Je crois que ce jour-là j’ai compris que dans cette différence de regard se cachait un inconfortable pli pour les faussaires, il faut dire aussi que j’avais un peu reçu, aux Arts Décos, l’enseignement d’Alain Jaubert, auteur du Commissariat des Archives, j’étais donc échaudé.

Or lorsque je regarde rétrospectivement ce qui a parfois motivé la rédaction de tel ou tel article, je m’aperçois que c’est souvent quelque chose de très fugace, de très rapide, de fulgurant même, qu’il m’a semblé voir, comme une erreur de manipulation d’un joueur de bonneteau. Par exemple, j’ai écrit l’article à propos de la méthode A.B.A. en réaction à un reportage télévisé à propos de la nouvelle école A.B.A. à Paris dans le 19 ème arrondissement, parce que dans le reportage on donnait à voir les résultats soit disant positifs de cette méthode en montrant la soit disant habileté sociale d’un enfant dont en fait toutes les paroles avaient été conditionnées pour imiter les codes sociaux, mais sans les comprendre. C’est en voyant Broken Flowers de Jim Jarmush que j’ai compris que tous les films de ce réalisateur étaient bâtis sur des détails qui n’étaient pas nécessairement soulignés, ce qui est un risque considérable. De même dans Caché le bien titré de Michael Hanaeke, il m’a semblé que c’était la construction des trois derniers longs plans-séquences du film et un détail du dernier d’entre eux qui donnaient toute sa signification au film. C’est encore une maladresse de faussaire qui m’a fait remarquer le lourd travail de retouche numérique sur la désasteuse photographie de Simone de Beauvoir en couverture du Nouvel Obs pour son centenaire qui m’a fait réagir.
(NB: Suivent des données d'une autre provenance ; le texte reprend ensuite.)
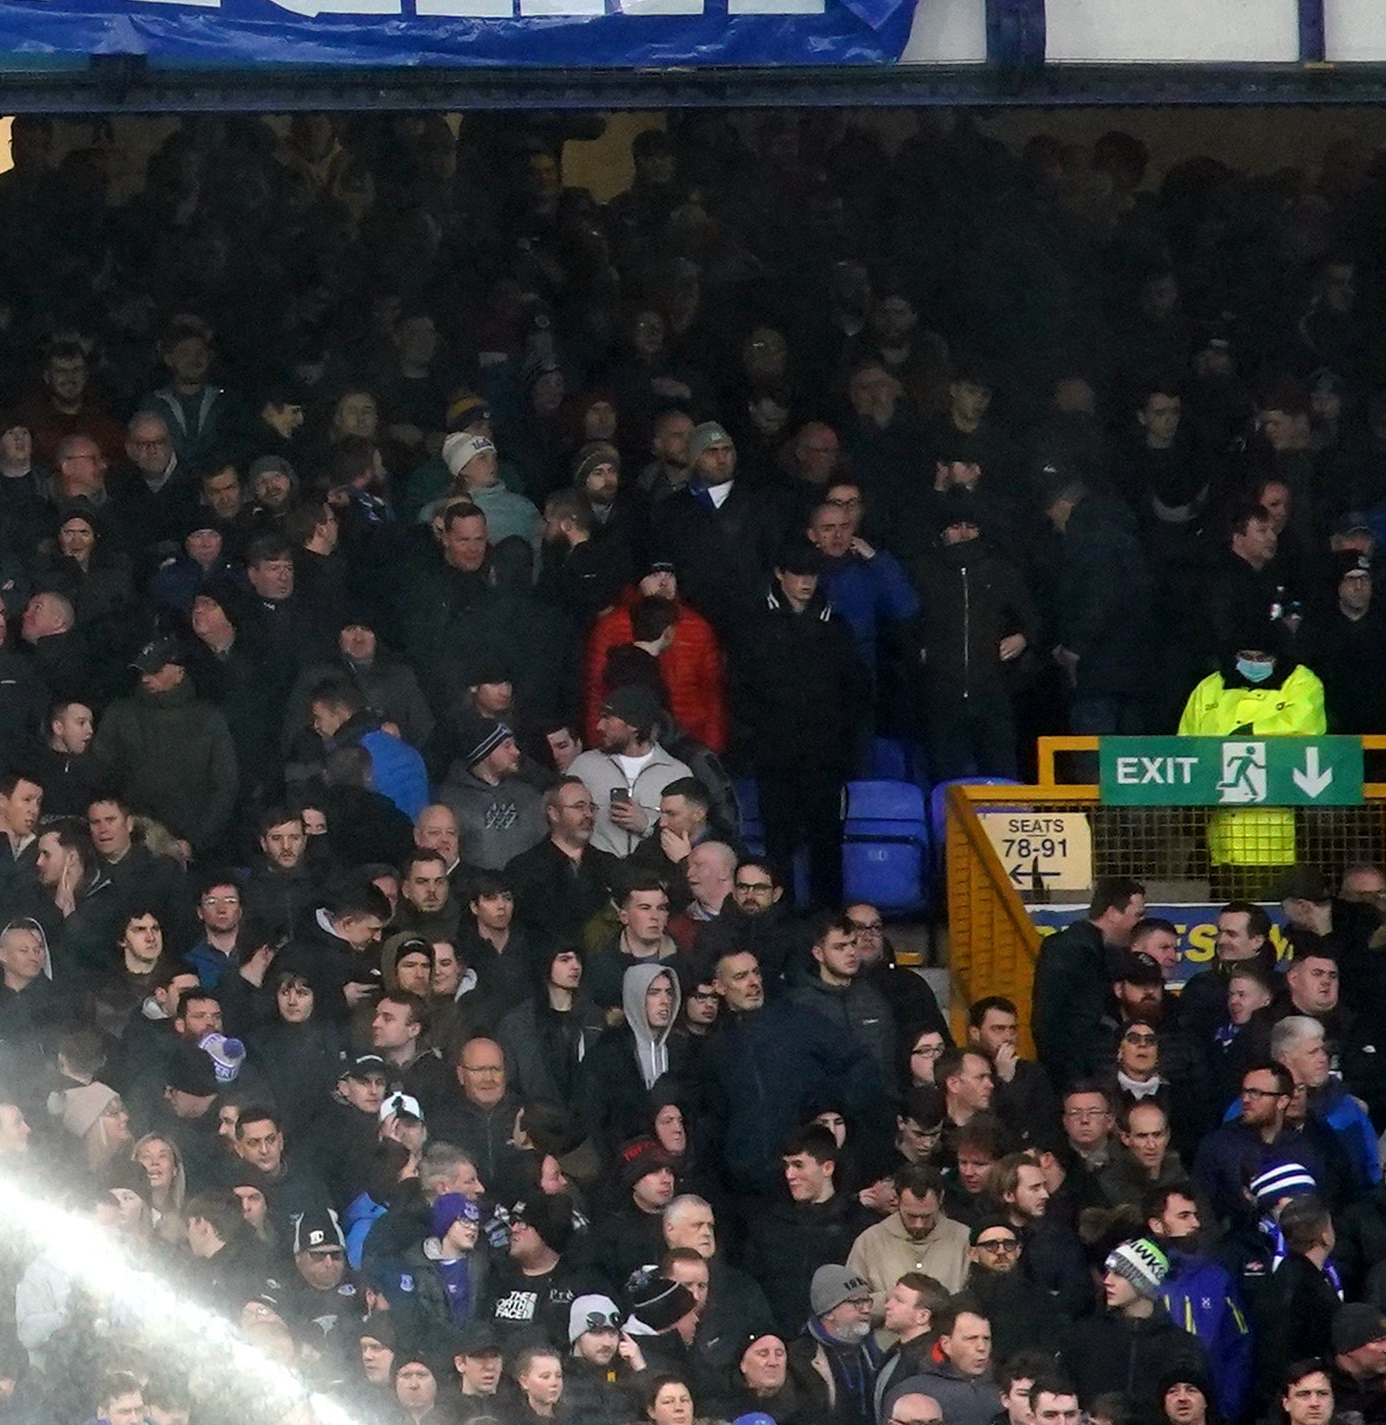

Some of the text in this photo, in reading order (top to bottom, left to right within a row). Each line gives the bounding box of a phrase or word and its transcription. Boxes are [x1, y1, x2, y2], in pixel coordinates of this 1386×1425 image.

[1116, 756, 1199, 785] EXIT
[1008, 818, 1065, 834] SEATS
[1001, 838, 1068, 859] 78-91
[510, 1290, 531, 1301] THE
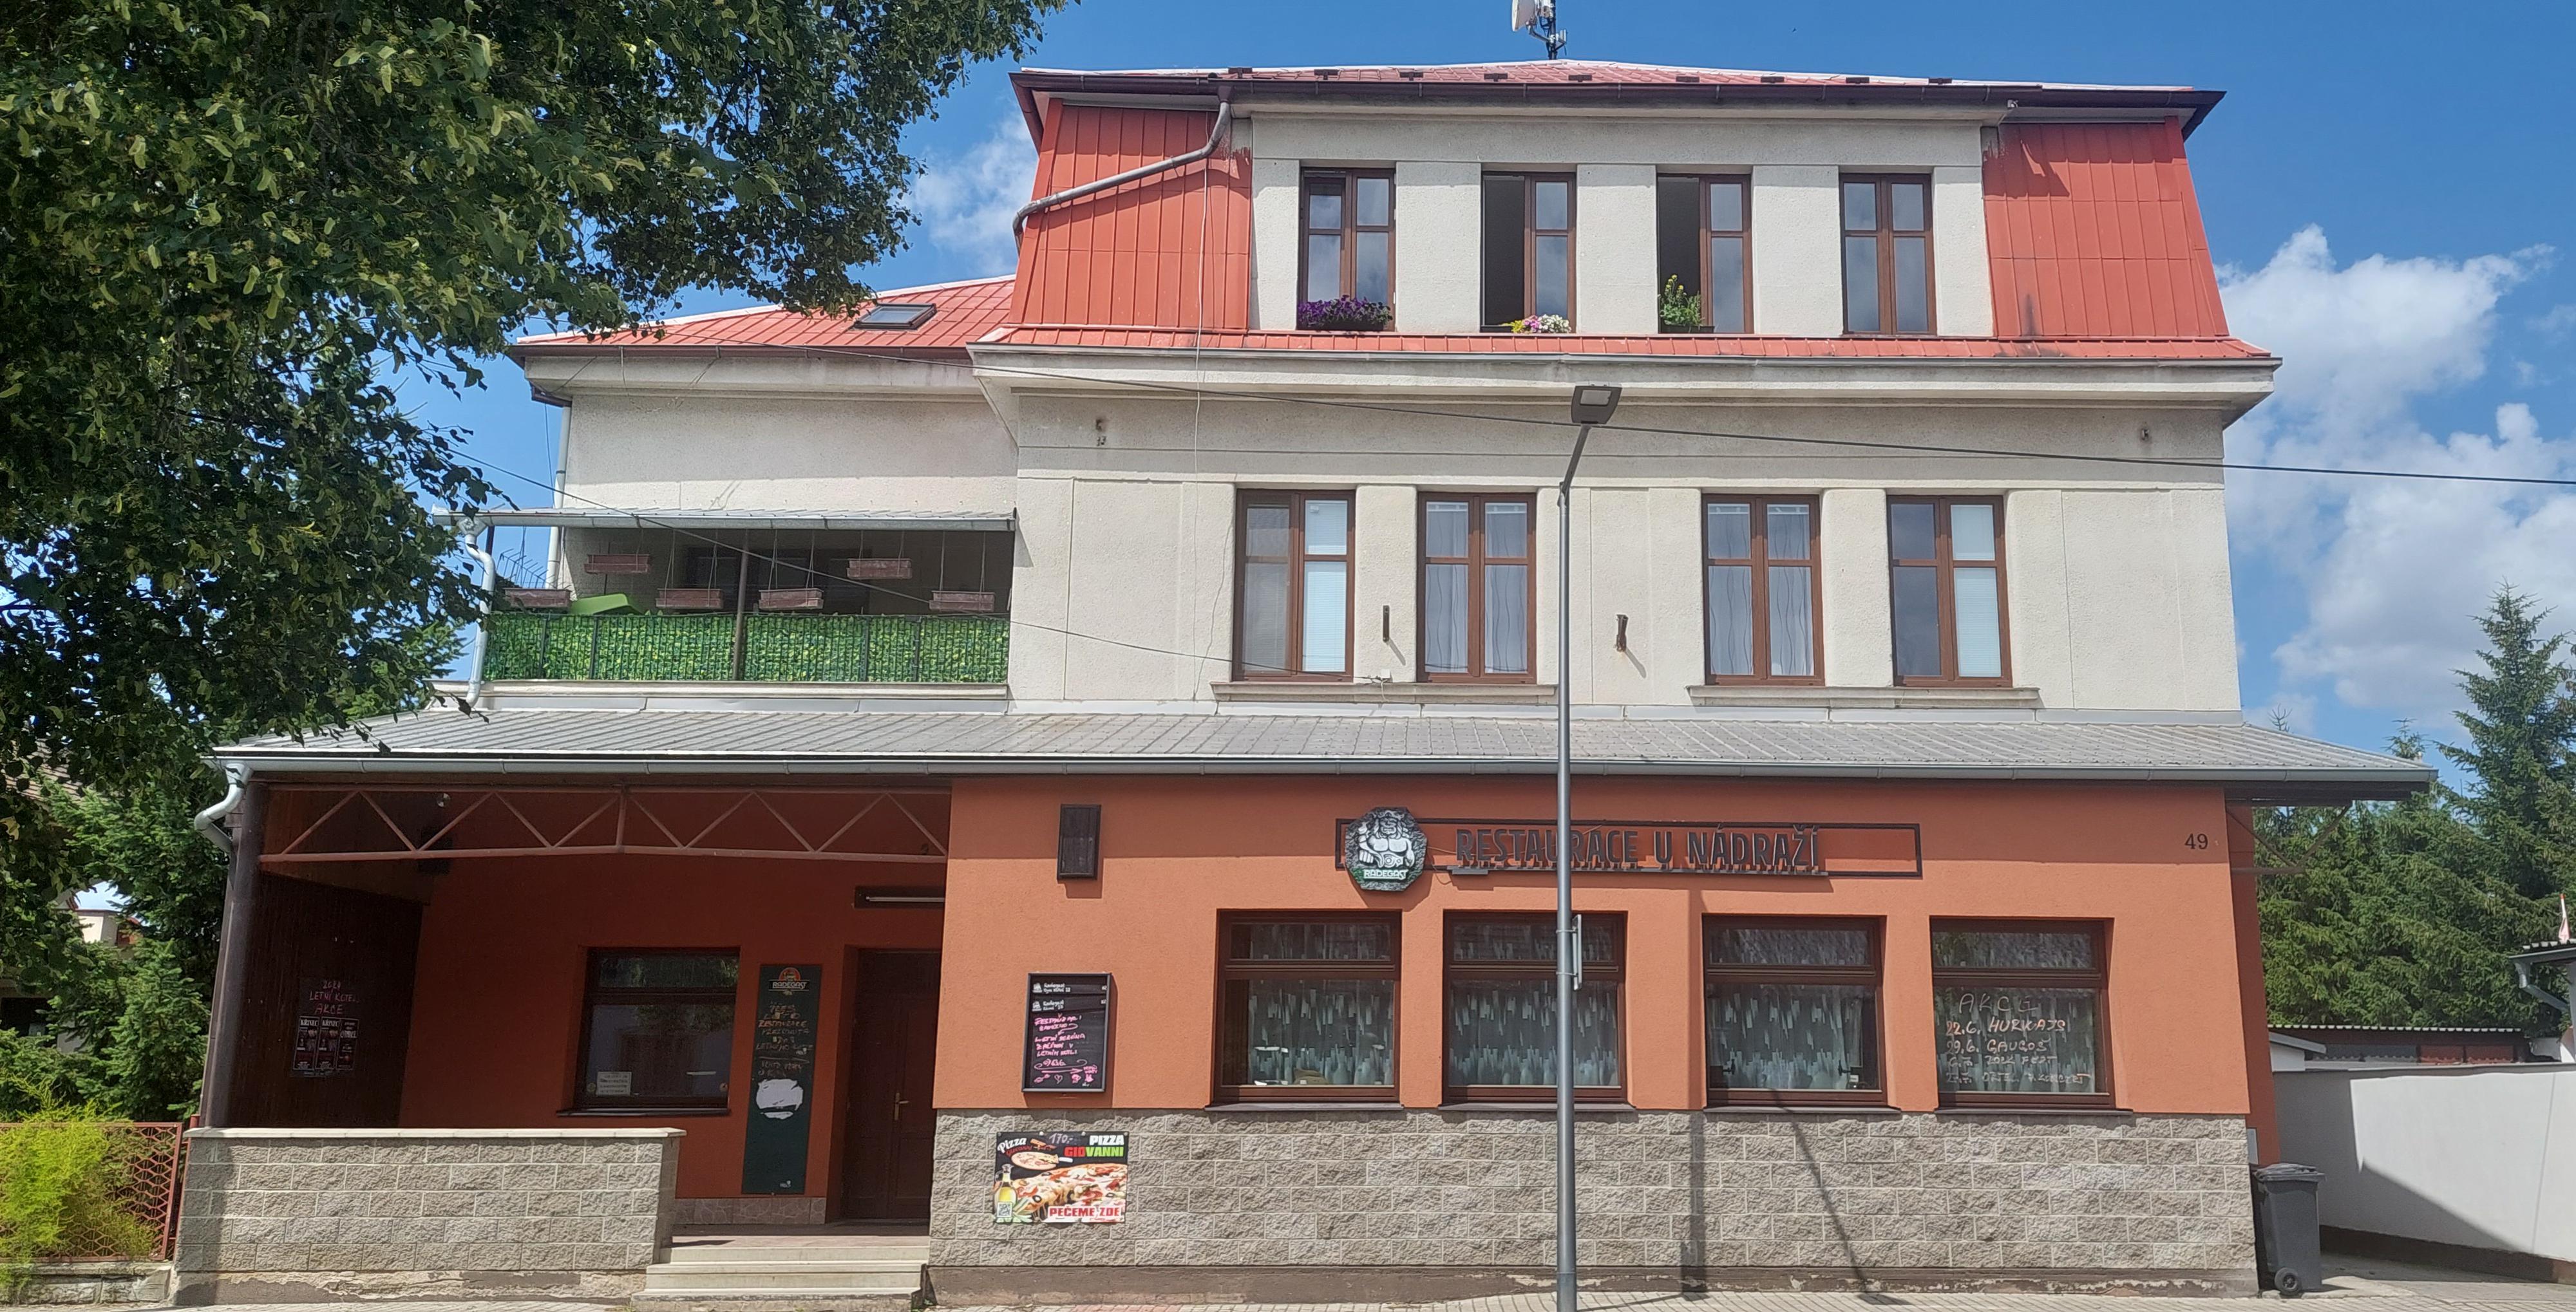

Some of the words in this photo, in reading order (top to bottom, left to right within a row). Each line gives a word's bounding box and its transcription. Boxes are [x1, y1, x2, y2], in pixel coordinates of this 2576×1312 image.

[1456, 828, 1638, 863] RESTAURACE
[1654, 830, 1672, 864] U
[1687, 824, 1819, 867] NÁDRAŽÍ
[2184, 833, 2208, 850] 49
[1363, 868, 1409, 880] RADEGAST
[1958, 993, 2039, 1013] AKCE
[1946, 1021, 1980, 1036] 22.6.
[1946, 1039, 1979, 1054] 29.6.
[997, 1138, 1027, 1154] Pizza
[1089, 1134, 1125, 1146] PIZZA
[1064, 1146, 1124, 1157] GIOVANNI
[1049, 1205, 1095, 1217] PEČEME
[1099, 1207, 1120, 1217] ZDE
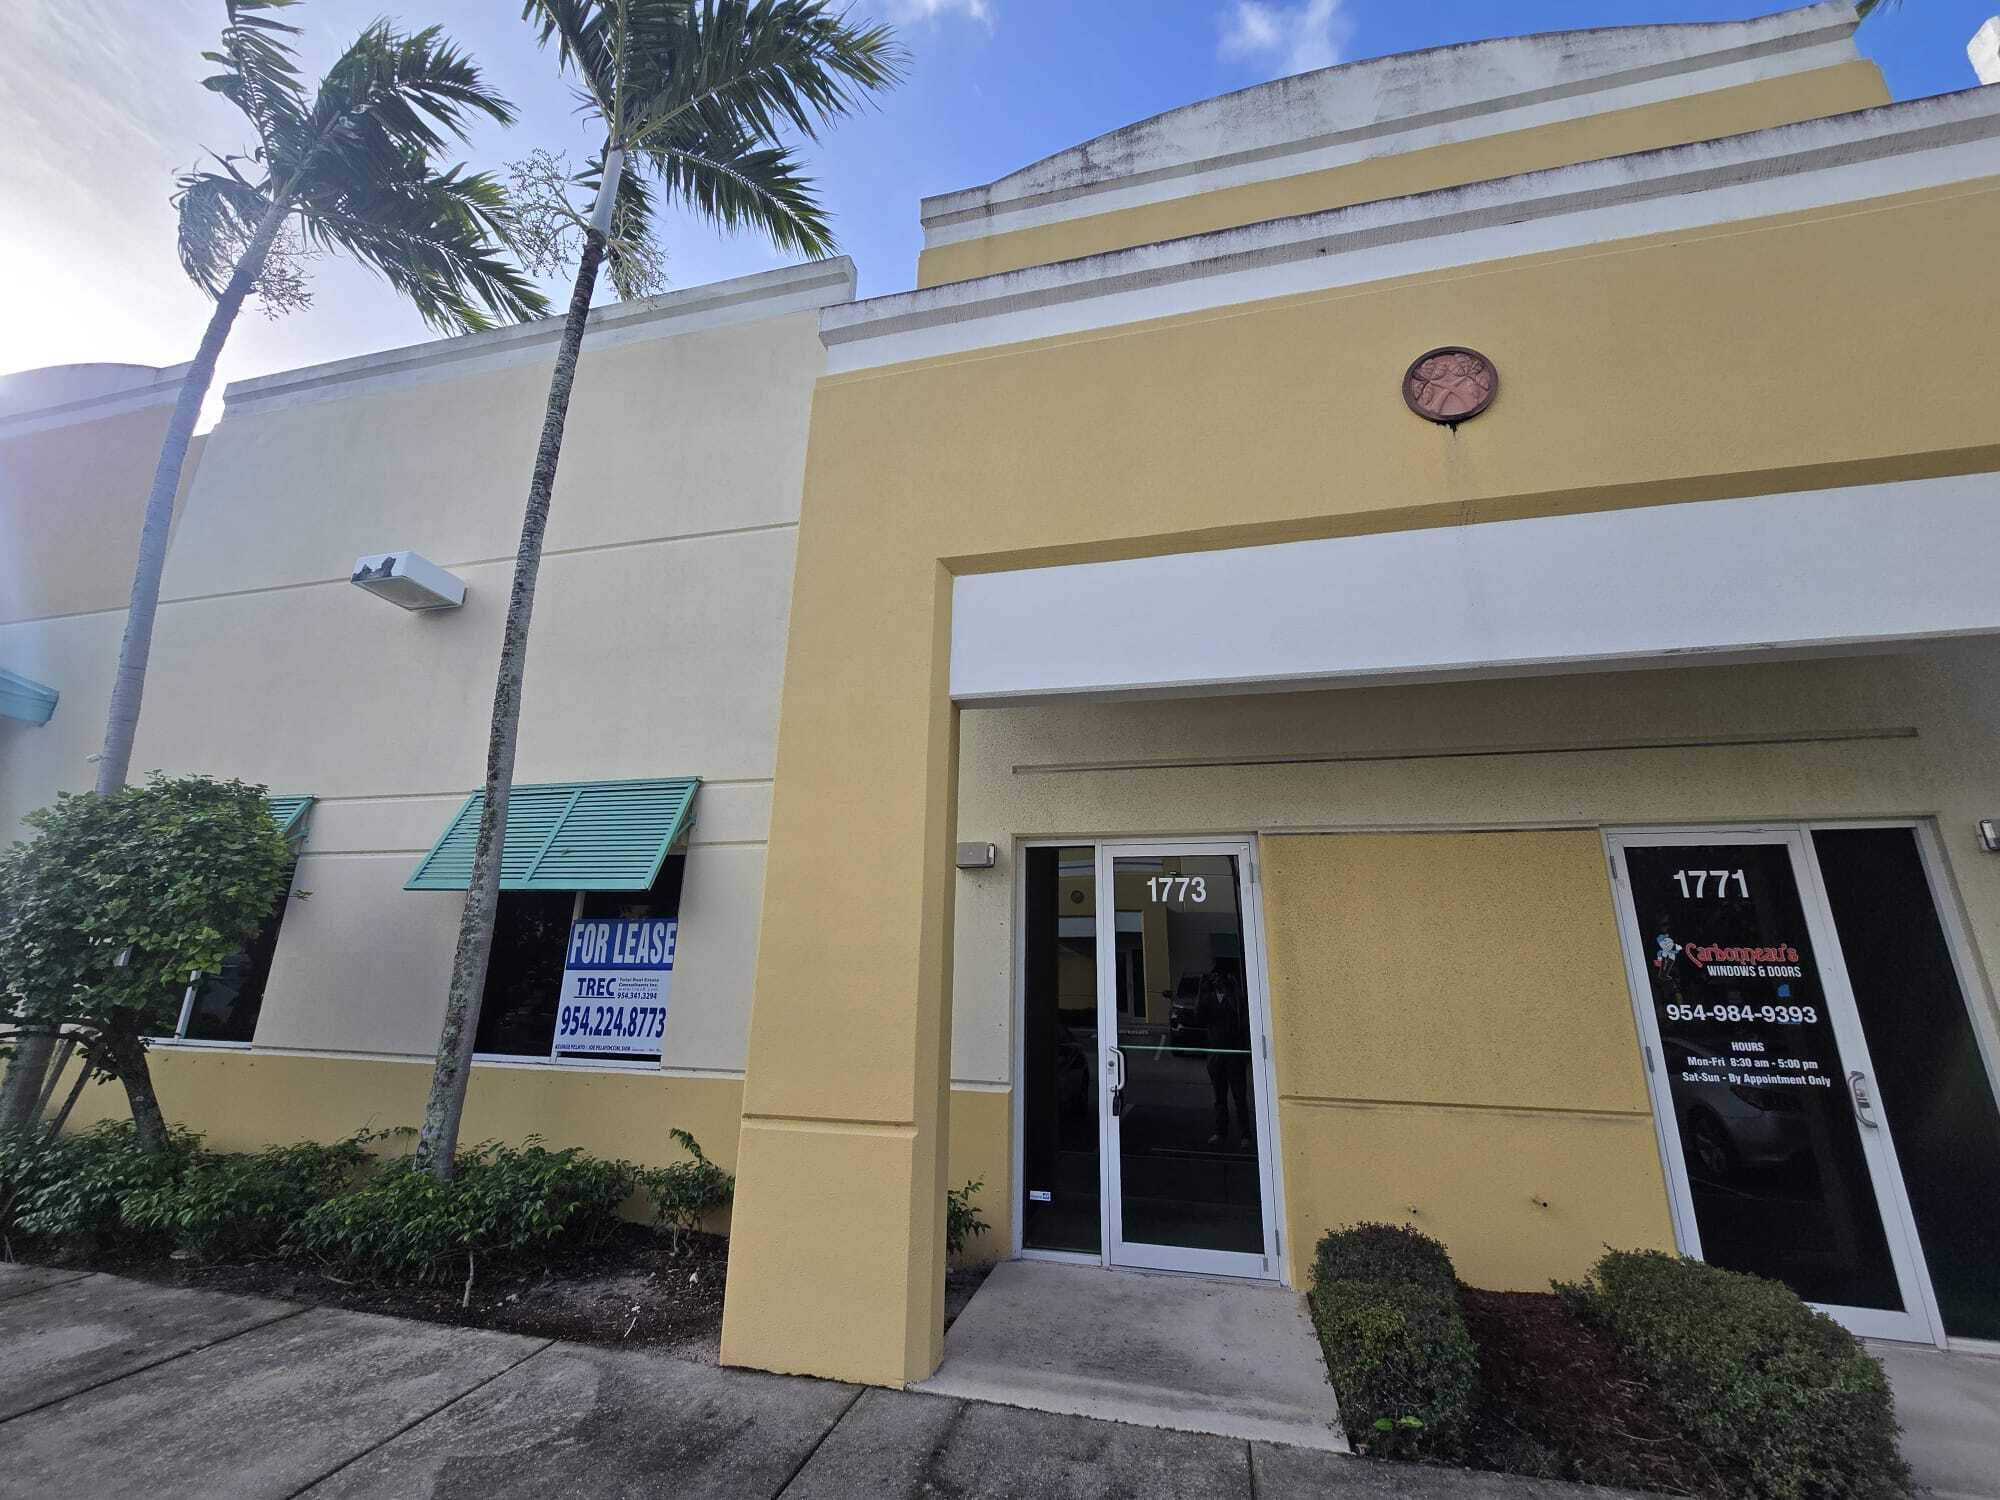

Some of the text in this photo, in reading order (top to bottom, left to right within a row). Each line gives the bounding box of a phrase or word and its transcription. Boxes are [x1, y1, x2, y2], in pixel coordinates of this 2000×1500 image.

Ou encore récemment le détail de l’équipement multi-média comme indice de fraude au RMI ou RSA.

En revanche ce n’est pas parce que de temps en temps je remarque ce genre de choses que j’ai le sentiment d’être un type plus informé qu’un autre ou tout bêtement plus malin qu’un autre, et je veux bien croire qu’il y a quantité de couleuvres que j’avale quotidiennement sans m’en rendre compte. En revanche je qui très conscient que c’est une possibilité, parce que je sais l’existence des couleuvres, le fait d’en avoir remarqué quelques unes moi-même me dit qu’il y en a d’autres — au même titre qu’un ramasseur de champignons pourra trouver derrière mon passage des champignons que je n’ai pas vus, c’est comme ça — et de temps en temps aussi, il m’arrive de confondre — telle feuille morte d’un jaune orangé souligné par une trouée de lumière dans le sous-bois que je prends de loin pour une girolle, et qui me cause bien de la déception en m’approchant d’elle — et de me tromper.

Or, dans le cas de ce reportage de Backchich info, je me suis trompé. Je continue de penser que Siné-Hebdo est une vraie merde, dans laquelle je ne doute pas que l’antisionisme sera toujours très bien accueilli, ce qui en rendra toujours à mes yeux sa lecture nauséabonde, mais je veux bien retirer, cette fois, le qualificatif de "poltron" dont j’ai injustement affublé Siné.

Parce que j’ai fait erreur. Et que c’est le joueur de bonneteau qui a gagné.

 

Dimanche Dimanche 21 septembre 2008



Ce matin regardant en l’air je remarque, pour le photographier, le mot Pain, en lettres immenses, de l’enseigne de la boulangerie industrielle, qui se détache sur un ciel gris. Et reculant pour le cadrer moins serré, je me cogne violemment la tête à l’angle d’un auvent. C’était donc à comprendre en anglais. Douleur. Bel exemple de faux-ami.